If your loved one is struggling with addiction but refuses treatment, you might feel helpless, scared, and frustrated. There’s no magic formula for how to get someone to go to rehab. You can’t force an adult to go to drug or alcohol addiction treatment, but there are some ways you can help them gain the motivation they need to go there willingly. Learn how to help an alcoholic who doesn’t want help.

#1 Accept You Can’t Do the Work For Them

You want so much for your addicted loved one to get better. You miss the person they were before alcohol or drug addiction took over. You’d probably do just about anything to change things for them. The reality is you can’t do the work for them. You can beg, plead, bribe, and threaten, but until they see their drug and alcohol abuse as a problem, addiction recovery will remain out of reach.

#2 Enlist People They Trust

The nature of addiction is that many people tell themselves they don’t have a problem, that they can handle it. They often dismiss the concerns of those closest to them. Sometimes it takes the words of a professional or someone on the outside for the right words to get through. For example, a physician or someone else they trust can have an impact.

If your addicted loved one refuses to believe their substance use is an issue, try to get them in for a regular checkup. Tell them if they don’t think they have a problem, what’s the harm in talking to someone? A physician can relay information in a factual way, removed from the emotions that a friend or family member may bring to these conversations. They’ll assess their physical health and talk to them about the long-term effects of their drug and alcohol abuse. They can speak in clear terms about what’s considered normal and problem drinking and risk factors that come with it. A medical professional can tell them whether their drug or alcohol use qualifies as a substance use disorder diagnosis. They can also refer them to a mental health professional to diagnose potential co-occurring mental illnesses like depression, anxiety, bipolar disorder, or personality disorders that can fuel drug and alcohol abuse.

#3 Set Healthy Boundaries

Detach with love is a phrase you may hear a lot if you attend support groups for loved ones of addicts. This means that the best thing you can do for your addicted loved one is to stop enabling their drug and alcohol abuse with your behaviors. When it comes to addicted loved ones, what looks like and feels like support and love can actually be perpetuating their substance abuse. Not everyone needs to hit rock bottom to know it’s time for drug rehab but taking away the resources that make their addiction “easier” can provide the wake-up call they need to make changes.

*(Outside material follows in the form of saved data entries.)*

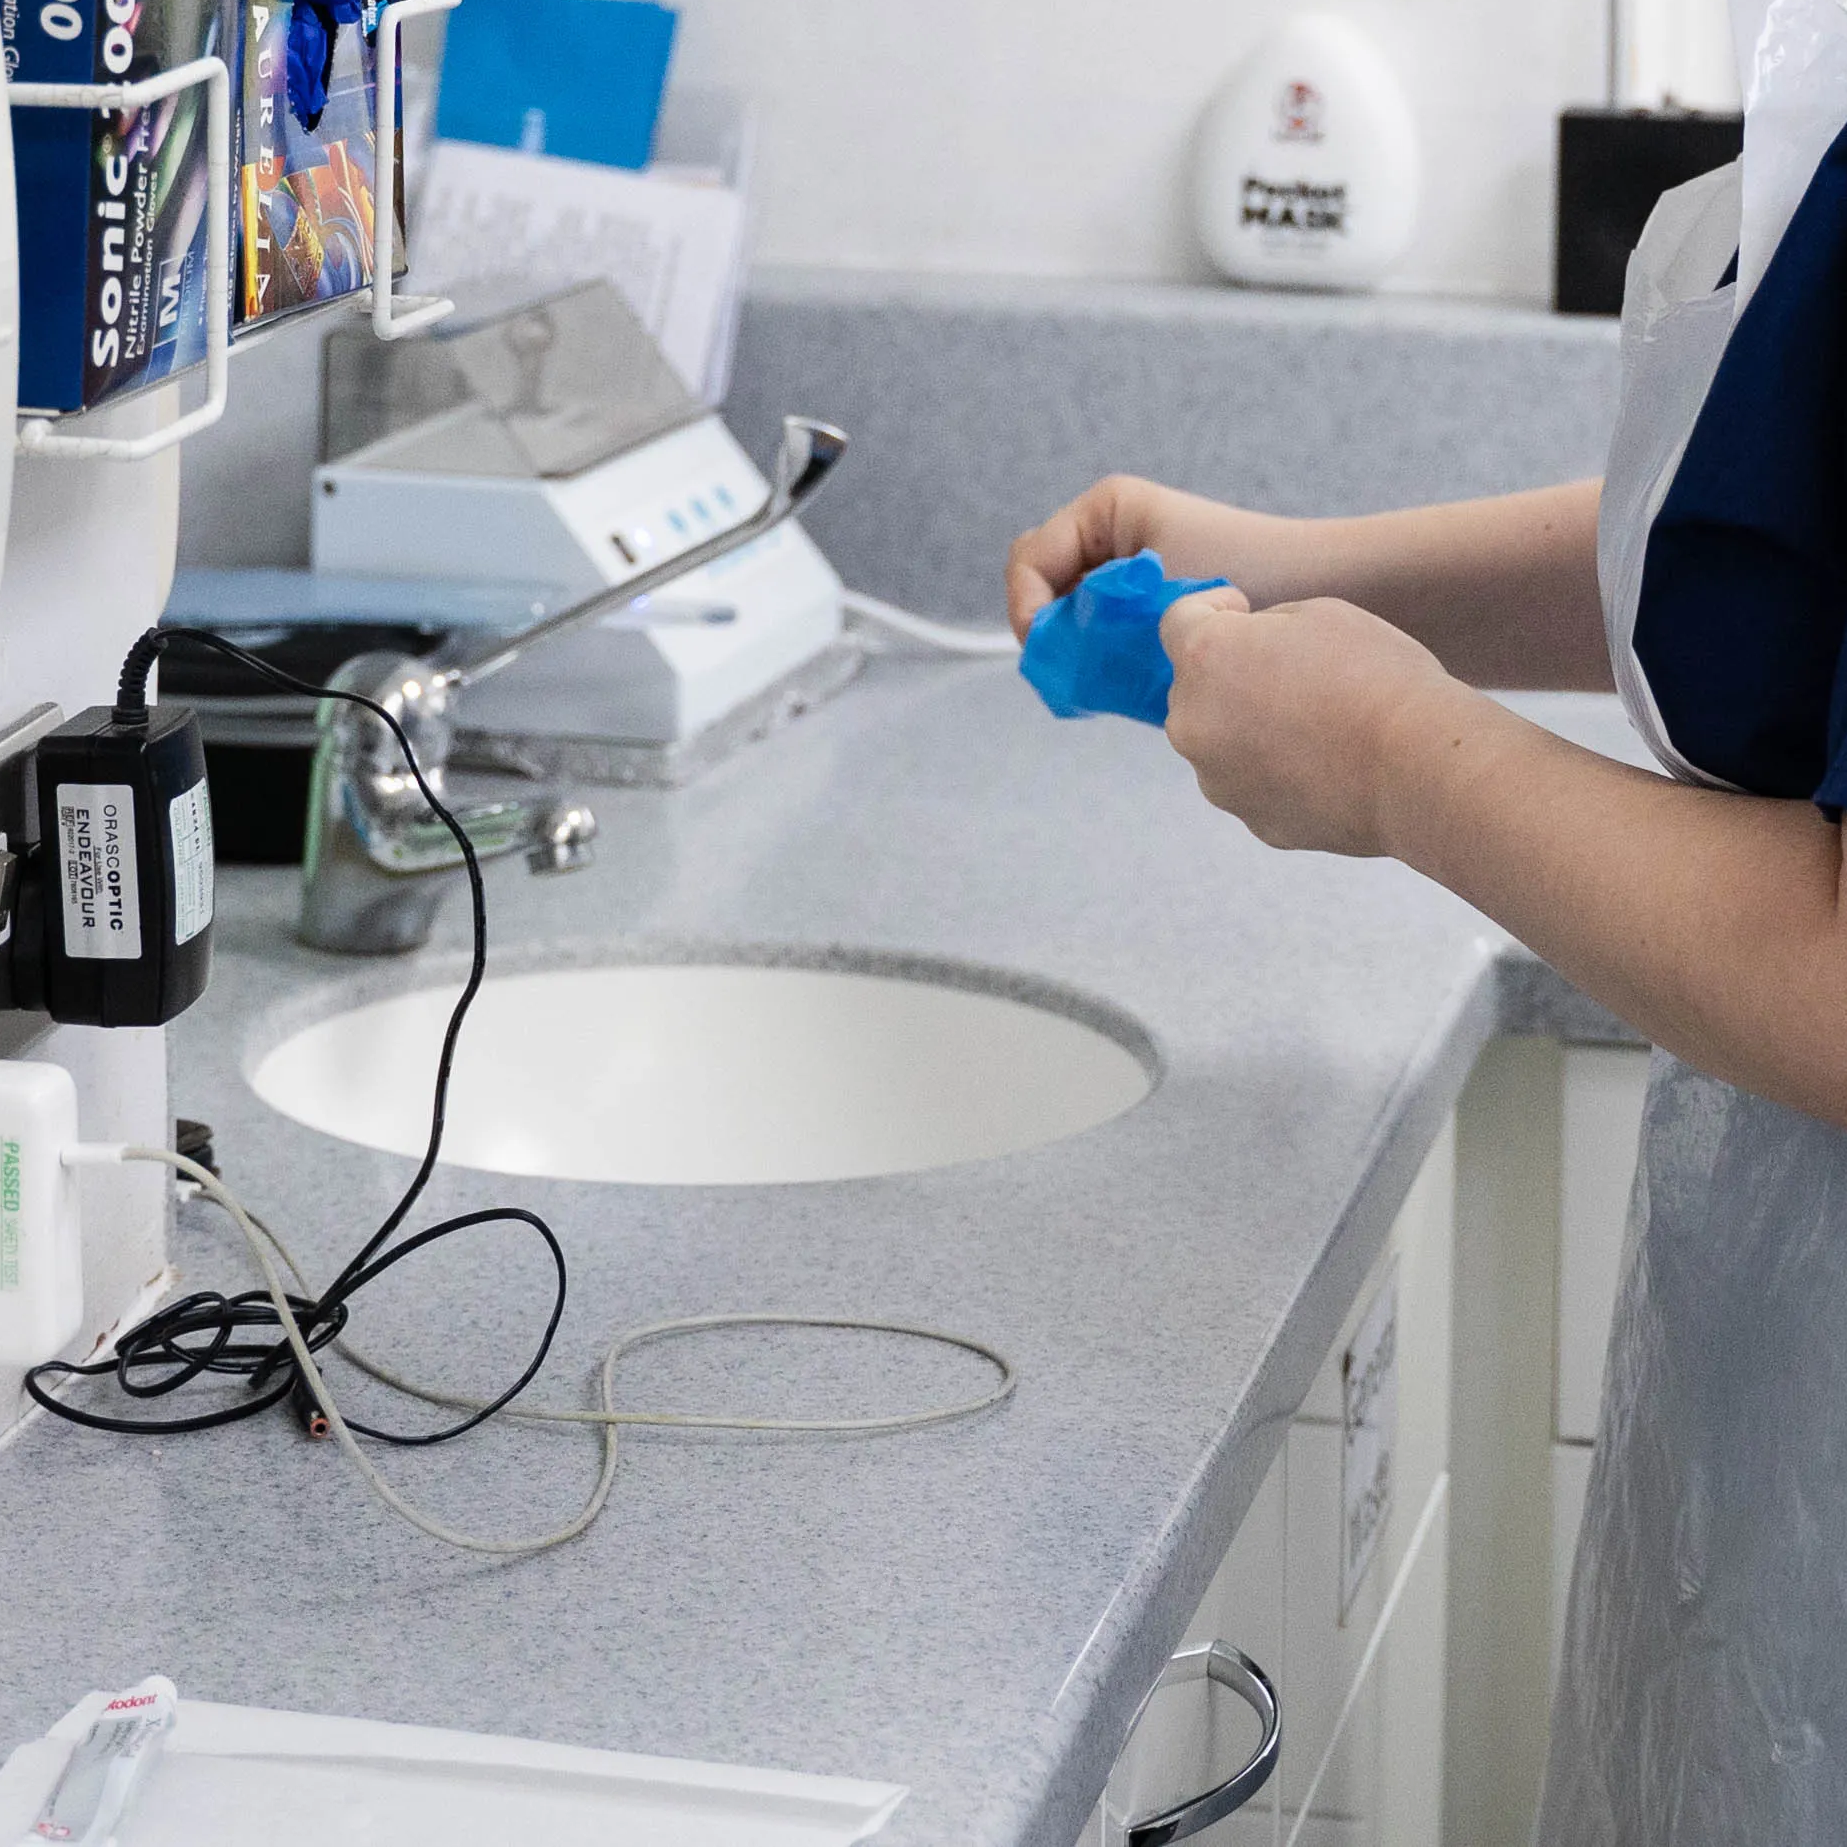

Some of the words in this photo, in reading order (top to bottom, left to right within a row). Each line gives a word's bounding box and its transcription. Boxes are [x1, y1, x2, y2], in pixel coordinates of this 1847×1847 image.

[4, 46, 20, 83] Glo
[253, 5, 274, 307] AURELIA
[130, 162, 149, 263] Powder
[136, 239, 153, 355] Examination
[146, 172, 158, 231] Gloves
[159, 273, 181, 327] M
[124, 273, 142, 359] Nitrile
[68, 860, 78, 880] LOT
[76, 809, 95, 928] ENDEAVOUR
[103, 804, 123, 931] ORASCOPTIC
[3, 1142, 20, 1212] PASSED
[4, 1257, 18, 1285] TEST

The type of boundaries you set will depend on your relationship with the addicted person and their age, but examples of health boundaries include:

  • You cannot live in my home or get help with rent if you’re using alcohol and drugs.
  • If you use alcohol and drugs in my home, you will need to find somewhere else to live.
  • I will not make excuses for you if you miss work, school, or other obligations.
  • I will not pay for or help with phone bills, car payments, gas, etc. if you’re using drugs and alcohol.
  • I will not give you money for drugs or alcohol. If you steal money, you will pay it back and you must find somewhere else to live.
  • I will not bail you out of jail or legal trouble related to substance abuse.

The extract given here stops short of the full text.